FIG. 2 is a schematic diagram of a method for controlling a storage device provided by an embodiment of the present application. As shown in Figure 2, the method includes:

S201: When it is predicted that there is a burst traffic within the first time period, the controller of the storage device increases the bandwidth resources allocated to the garbage collection GC operation before the first time period; wherein the burst traffic includes A first number of data processing requests, the first number being greater than the number of data processing requests that the storage device can respond to per second.

Wherein, the storage device includes a controller and a storage array, and the storage device is capable of performing GC operations and IO operations.

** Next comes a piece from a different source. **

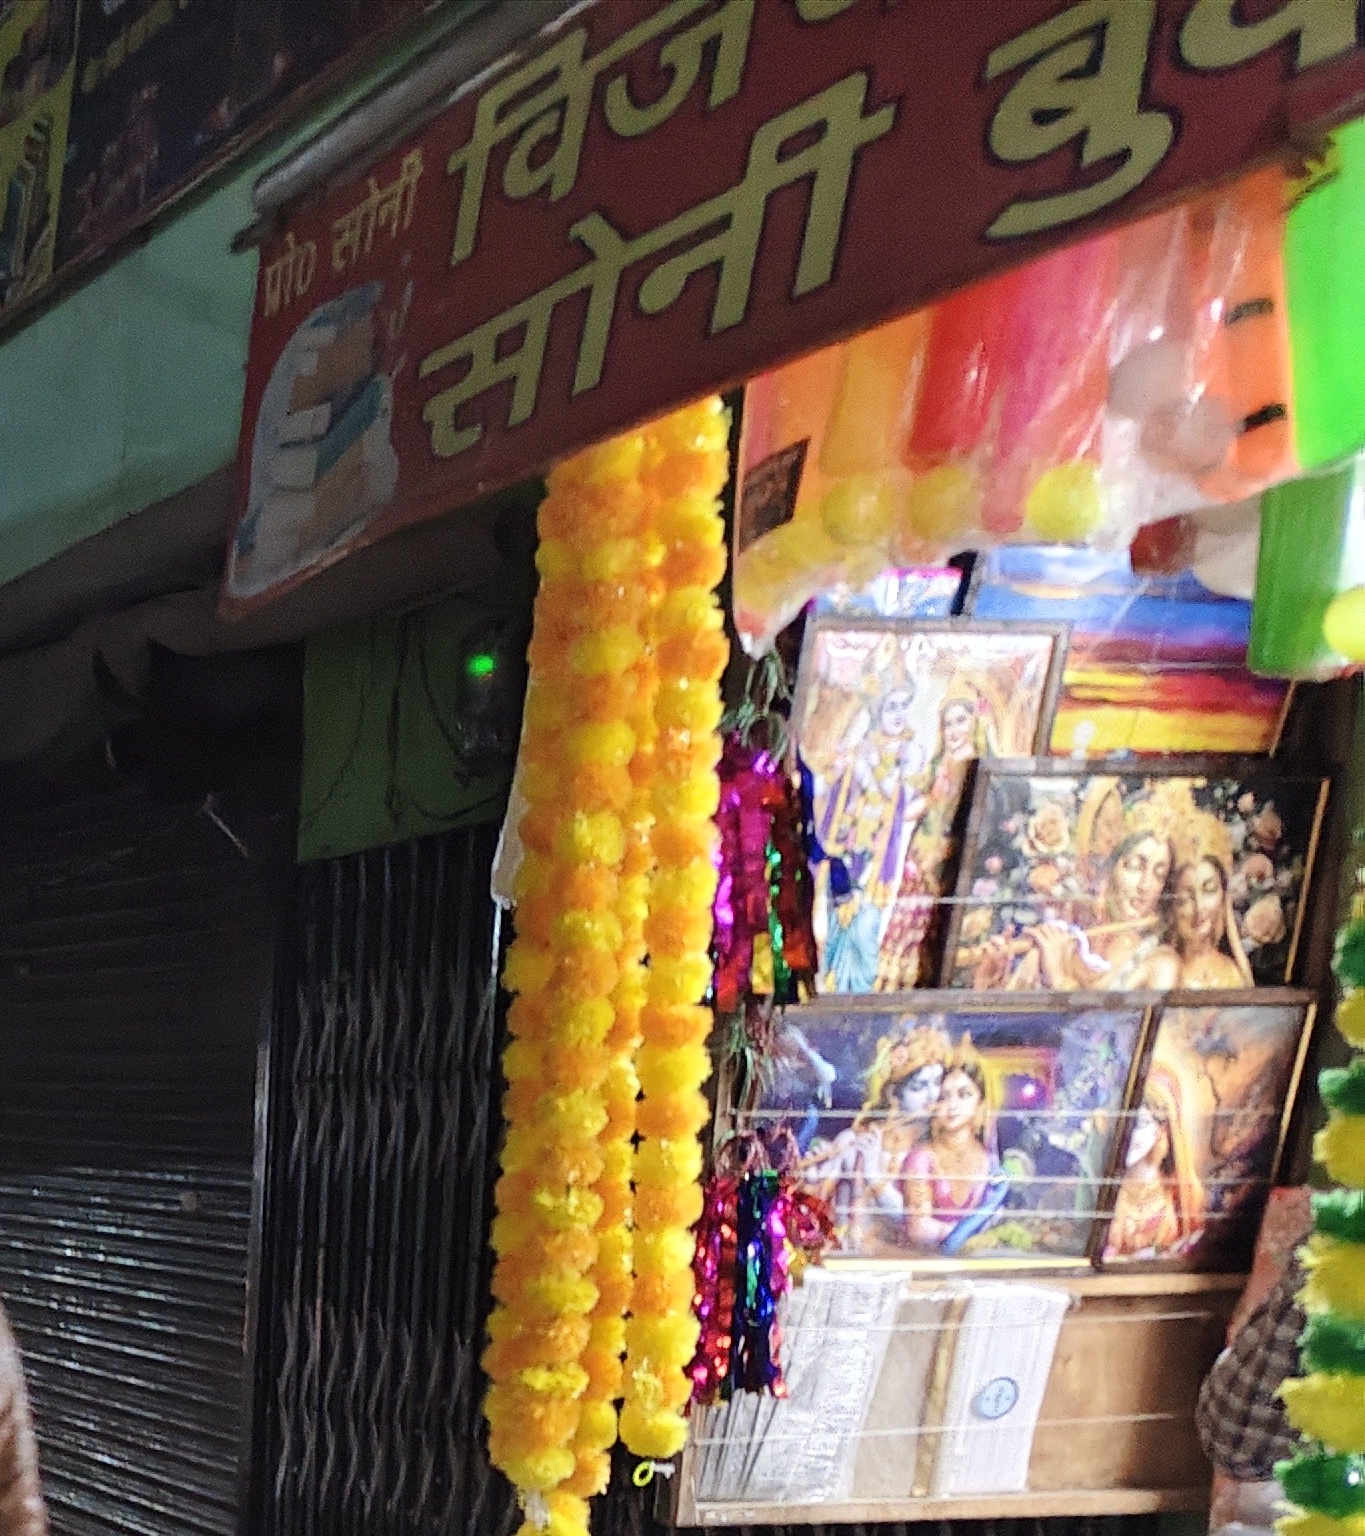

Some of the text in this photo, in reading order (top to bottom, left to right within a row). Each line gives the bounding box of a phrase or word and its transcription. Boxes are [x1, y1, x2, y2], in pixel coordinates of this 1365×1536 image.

Optionally, the storage device is a solid state disk.

In this embodiment of the application, the number of data processing requests included in the regular traffic is less than or equal to the number of data processing requests that the storage device can respond to per second, and the number of data processing requests included in the burst traffic is greater than the number of data processing requests that the storage device can respond to per second. The number of data processing requests that can be responded to.

In a normal traffic scenario, the way the controller allocates bandwidth resources for IO operations and GC operations can be: allocate corresponding bandwidth resources for IO operations and GC operations, so that the storage device can maintain the storage required for IO operations during the running process. A relative balance is maintained between the space and the storage space reclaimed by the GC operation, for example, the size difference between the two storage spaces is within the set range. In this way, it can not only ensure that the storage device has sufficient storage space for performing IO operations, but also avoid the impact of frequent execution of GC operations on the life of the storage device as much as possible.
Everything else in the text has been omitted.